### WHAT IS NEEDED:
Pictures stay out; everything else in the records is to be copied exactly.

### INPUT DATA:
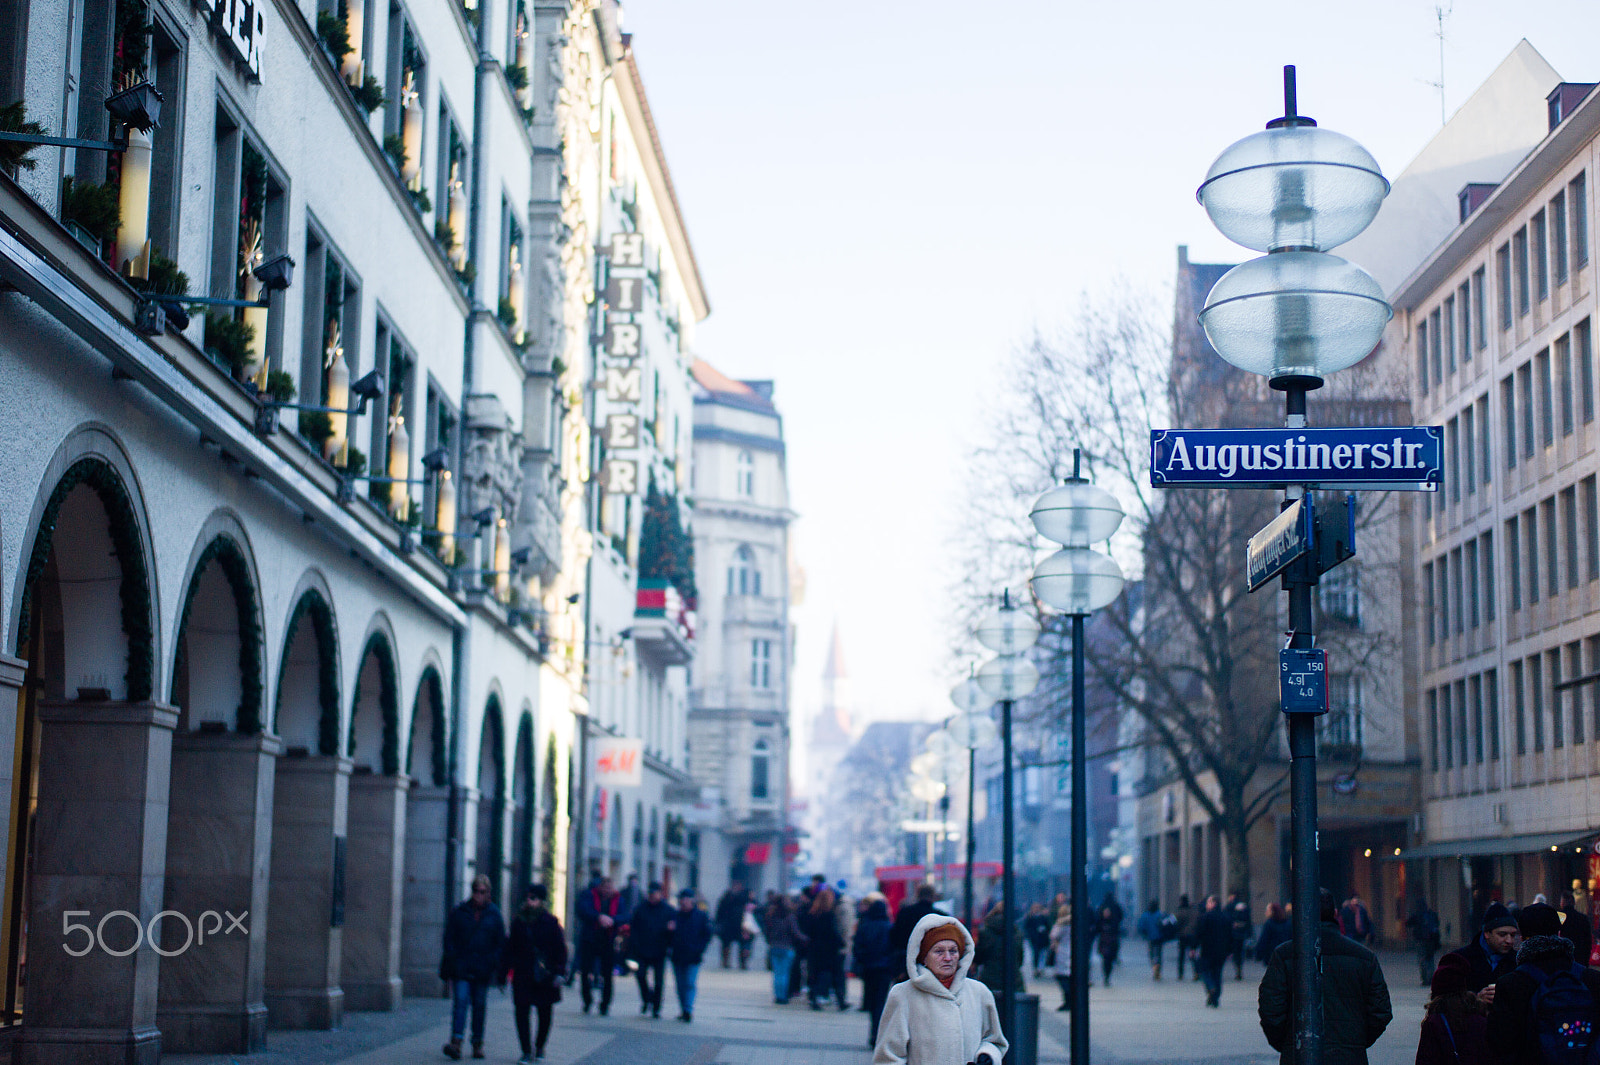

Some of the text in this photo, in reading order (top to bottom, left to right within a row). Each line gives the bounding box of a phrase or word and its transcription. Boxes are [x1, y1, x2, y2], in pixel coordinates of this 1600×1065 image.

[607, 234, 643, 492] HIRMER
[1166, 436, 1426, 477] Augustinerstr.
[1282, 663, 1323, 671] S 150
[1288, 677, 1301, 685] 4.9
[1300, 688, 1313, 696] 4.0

### EXERCISE OUTPUT:
Some of the text in this photo, in reading order (top to bottom, left to right within a row). Each line gives the bounding box of a phrase or word and its transcription. Boxes are [x1, y1, x2, y2], in pixel coordinates of this 1600×1065 image.

[607, 234, 643, 492] HIRMER
[1166, 436, 1426, 477] Augustinerstr.
[1282, 663, 1323, 671] S 150
[1288, 677, 1301, 685] 4.9
[1300, 688, 1313, 696] 4.0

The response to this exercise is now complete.